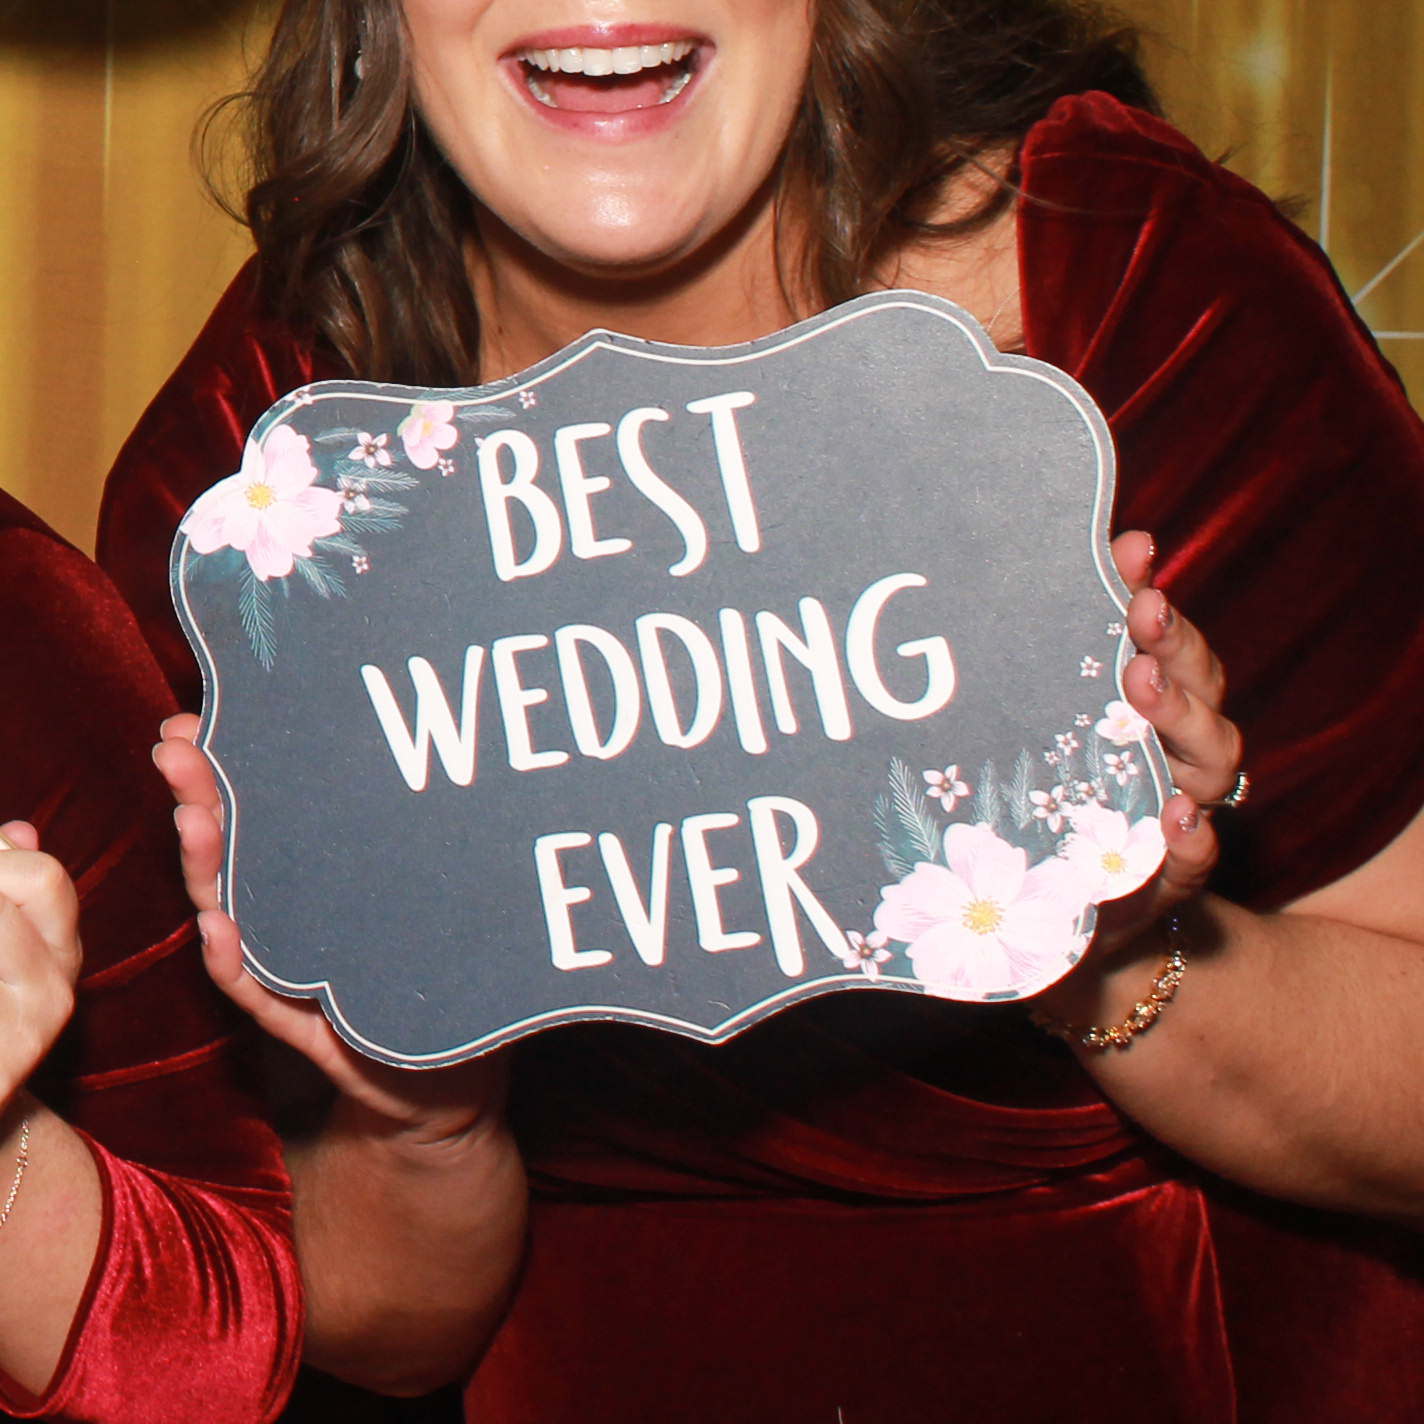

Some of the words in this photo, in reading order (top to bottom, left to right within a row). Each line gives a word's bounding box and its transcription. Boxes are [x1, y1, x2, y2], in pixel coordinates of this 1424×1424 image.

[477, 391, 761, 580] BEST
[361, 572, 955, 792] WEDDING
[534, 795, 850, 977] EVER
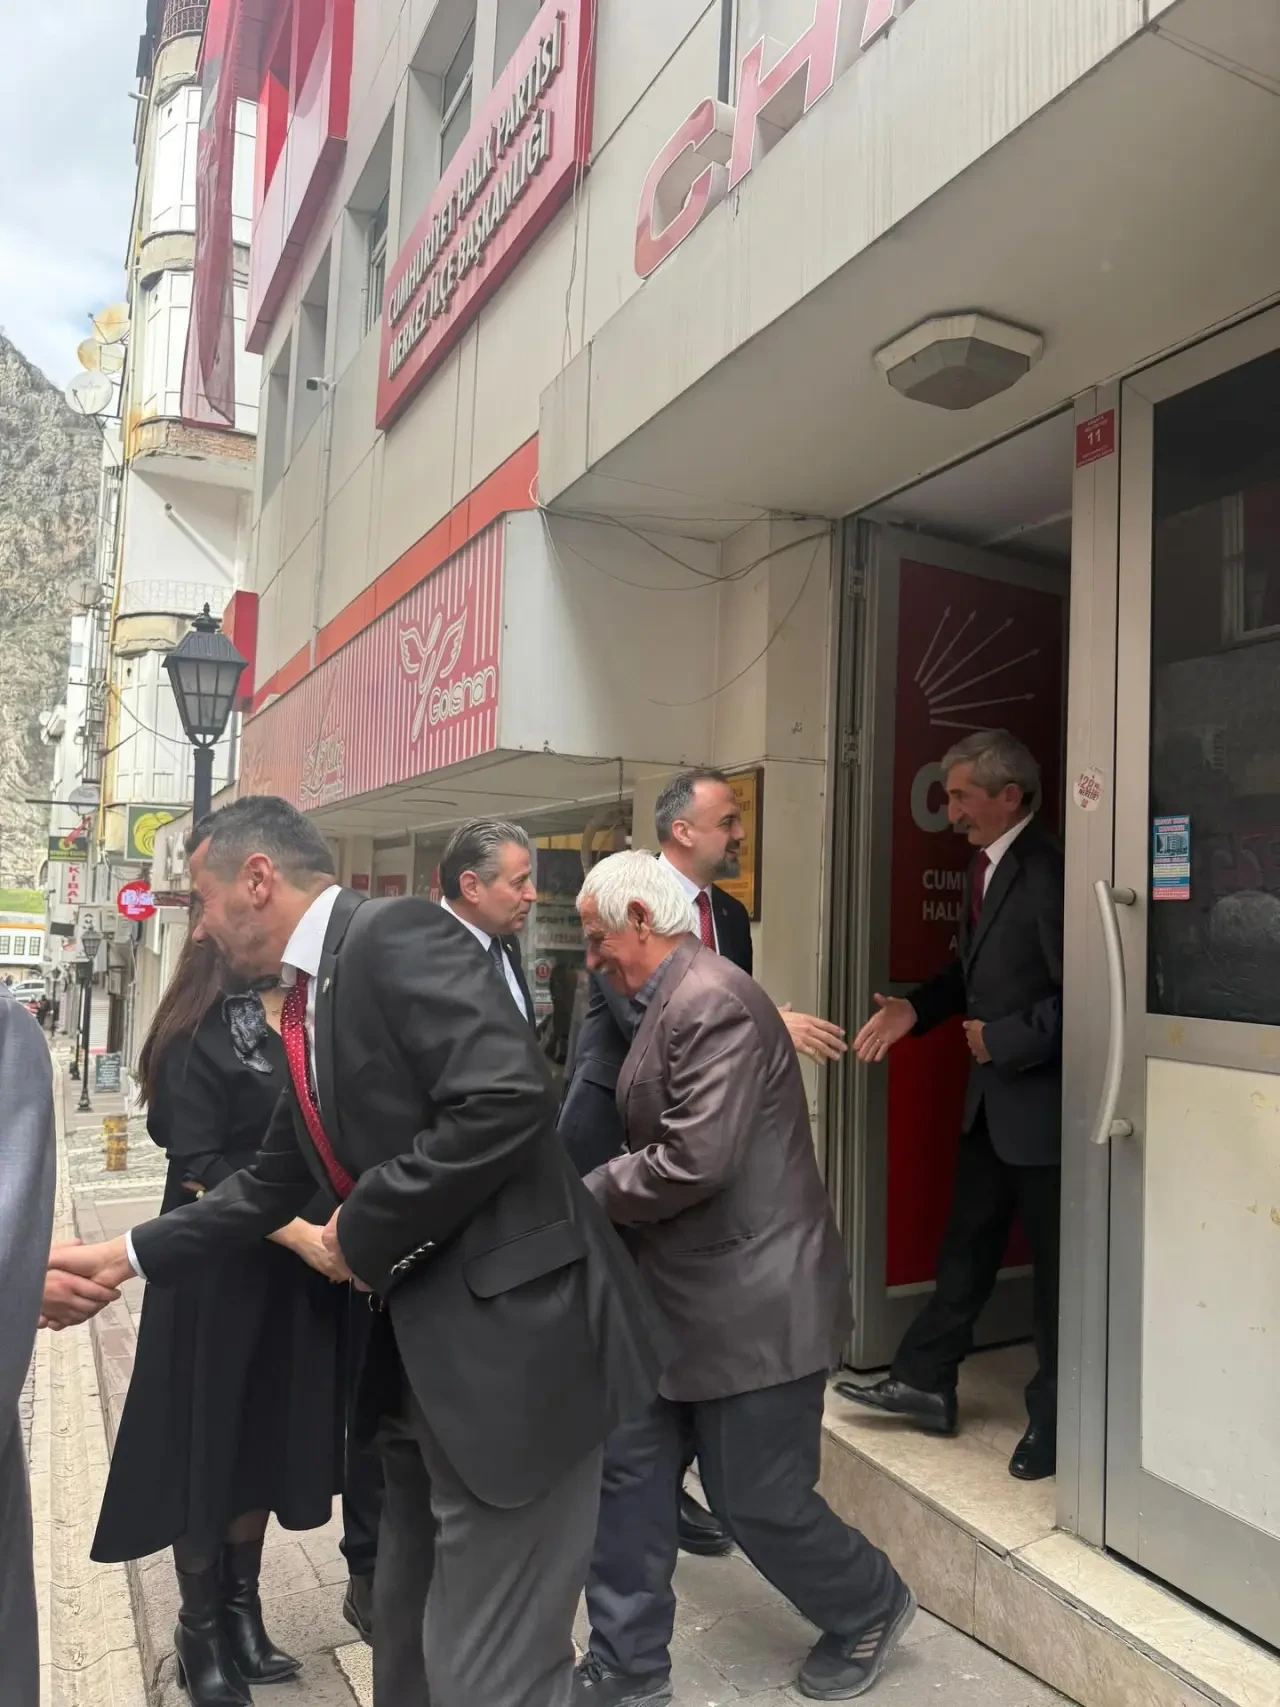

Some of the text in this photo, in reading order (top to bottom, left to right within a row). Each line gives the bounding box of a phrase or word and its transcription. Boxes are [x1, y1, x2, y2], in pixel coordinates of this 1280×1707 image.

[388, 10, 565, 328] CUMHURİYET HALK PARTİSİ
[388, 108, 552, 381] MERKEZ İLÇE BAŞKANLIĞI
[634, 0, 896, 279] CH
[1087, 427, 1101, 446] 11
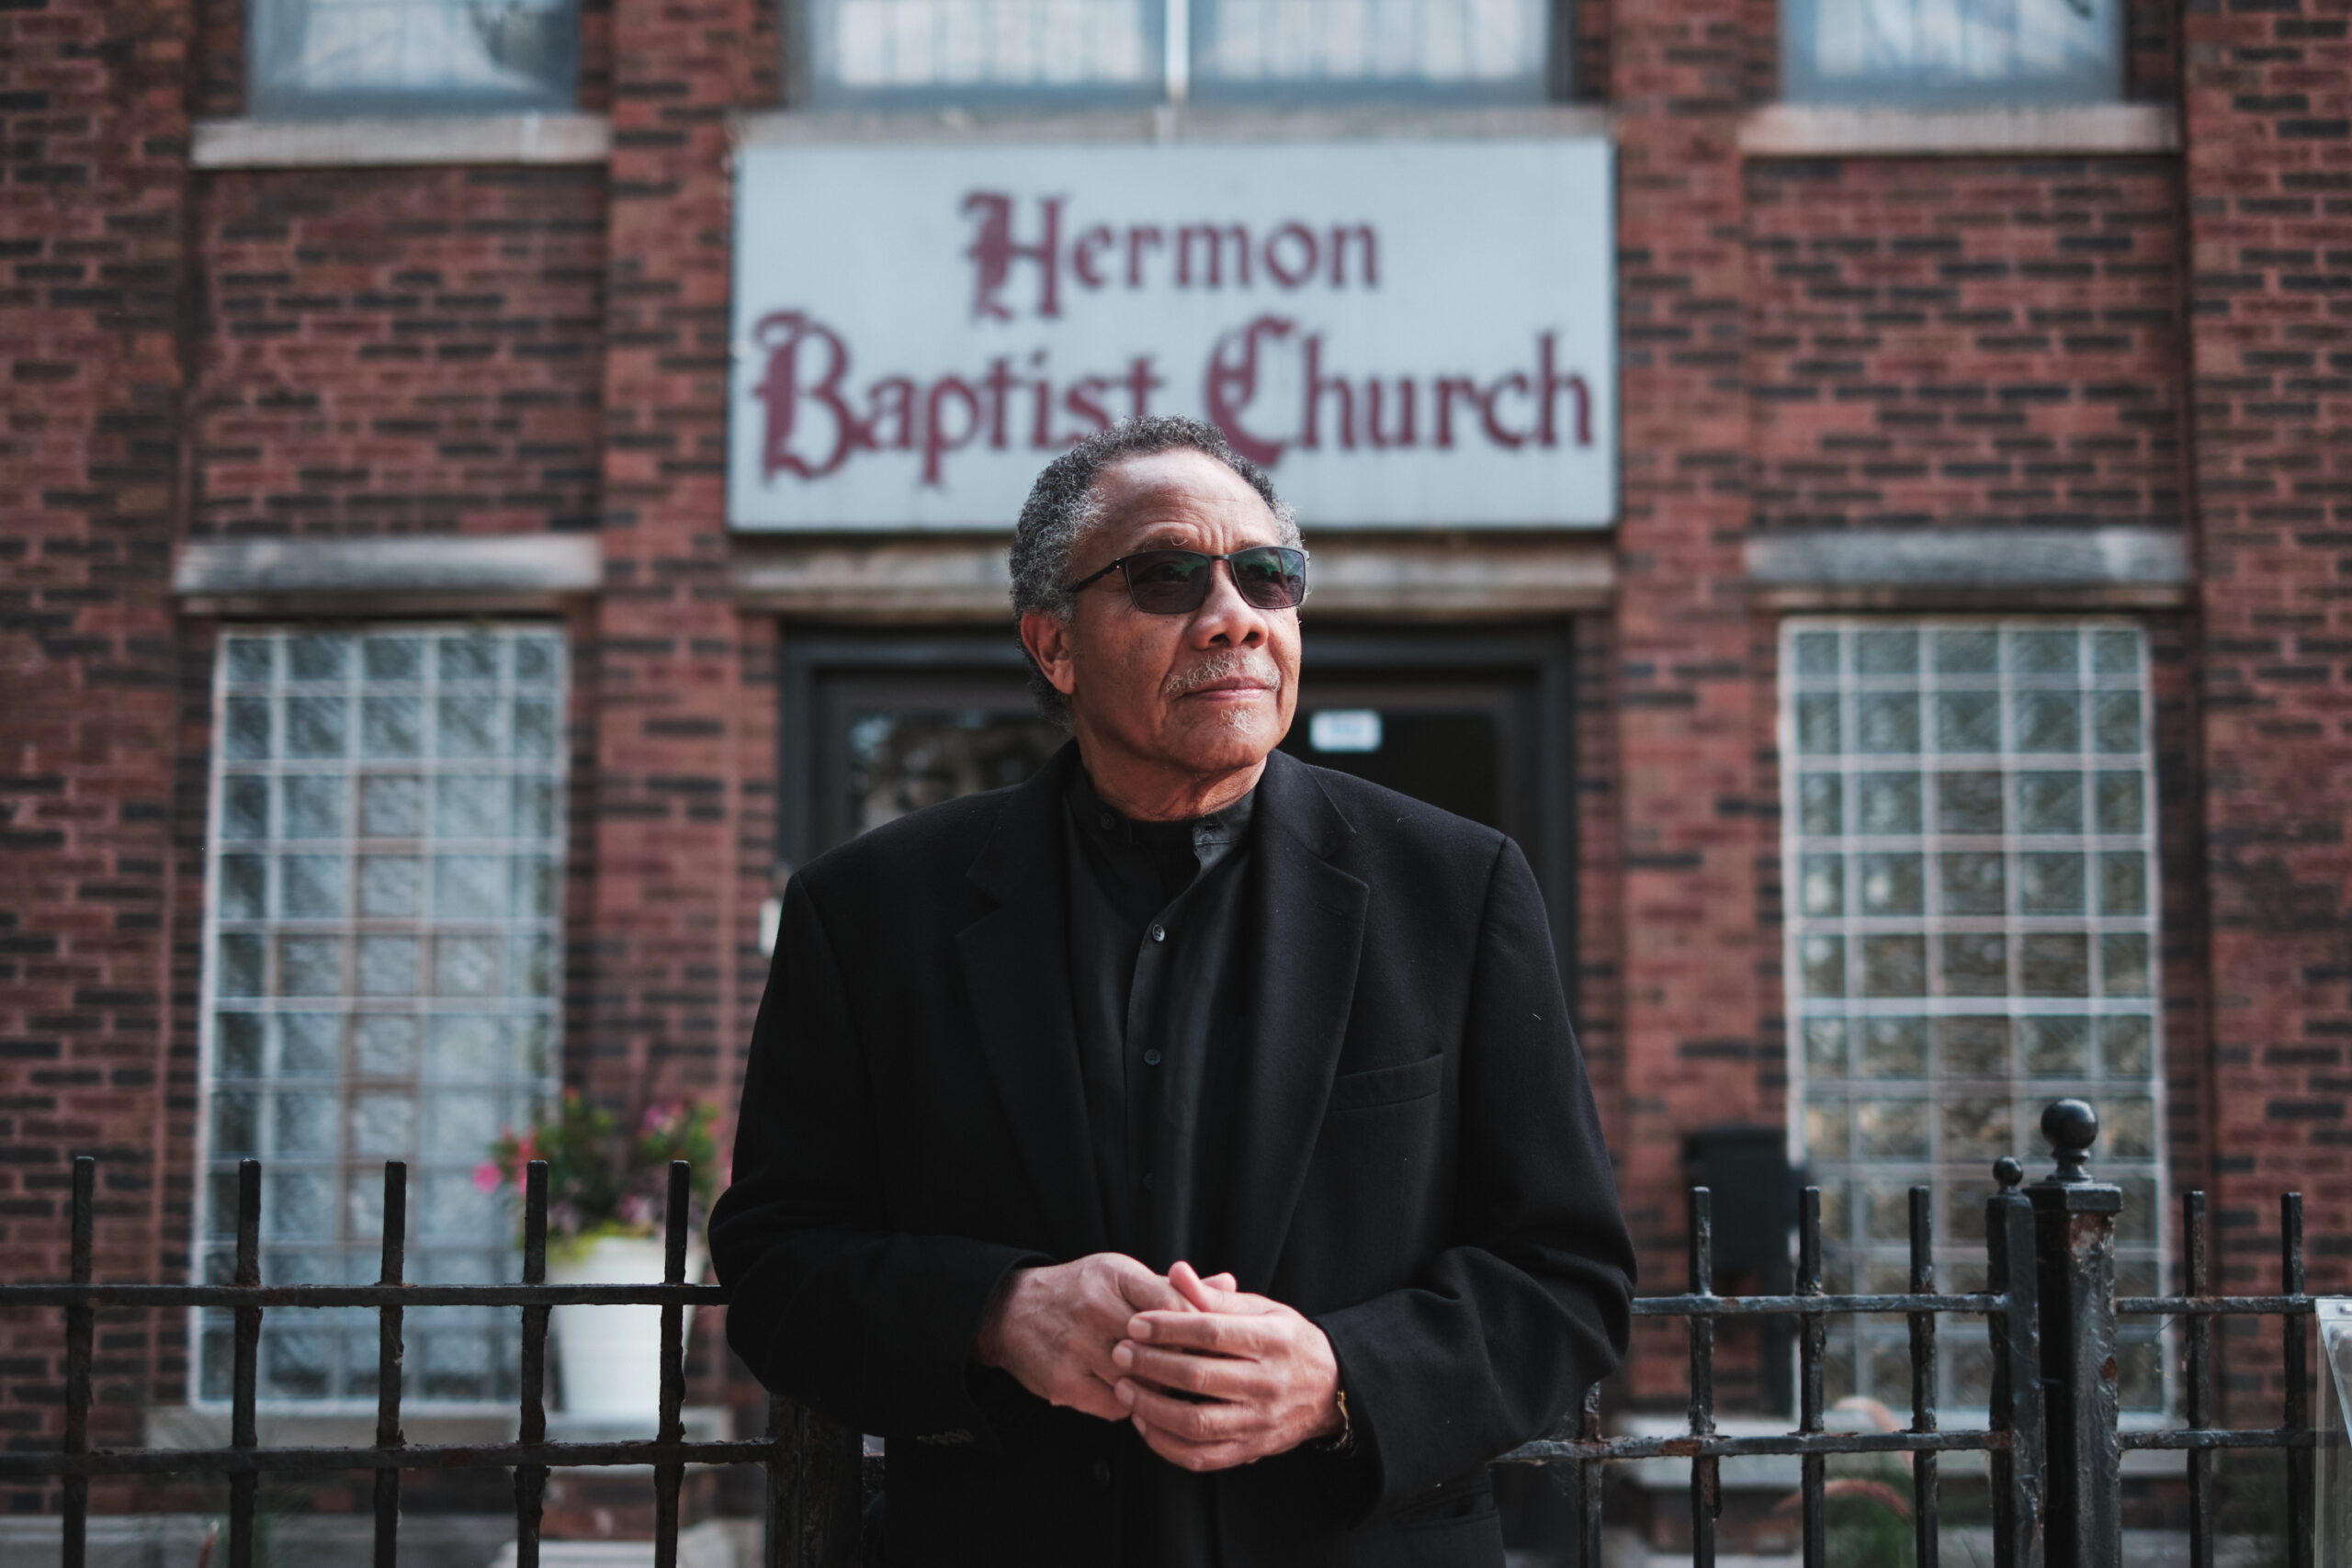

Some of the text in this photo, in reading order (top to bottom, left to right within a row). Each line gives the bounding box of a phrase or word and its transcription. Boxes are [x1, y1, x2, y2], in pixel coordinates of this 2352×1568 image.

--- TASK BRIEF ---
What you produce should repeat the data word for word while omitting all images.

--- RESULT ---
Some of the words in this photo, in reading order (top to bottom, left to right within a row). Each line gives a word's bounding box and its transcription. Boxes are [x1, y1, x2, y2], in pixel coordinates of this 1424×1424 image.

[477, 391, 761, 580] BEST
[361, 572, 955, 792] WEDDING
[534, 795, 850, 977] EVER

Some of the text in this photo, in reading order (top to bottom, left to right within a row). Each line gives the bounding box of a phrase or word and its transcription. Boxes are [x1, y1, x2, y2], in pixel coordinates of this 1280×1707 image.

[388, 10, 565, 328] CUMHURİYET HALK PARTİSİ
[388, 108, 552, 381] MERKEZ İLÇE BAŞKANLIĞI
[634, 0, 896, 279] CH
[1087, 427, 1101, 446] 11

Some of the text in this photo, in reading order (top to bottom, left to right within a row). Each line gives the bounding box of a phrase or word and its transcription. Boxes are [x1, y1, x2, y2], in pixel coordinates of this 2352×1568 image.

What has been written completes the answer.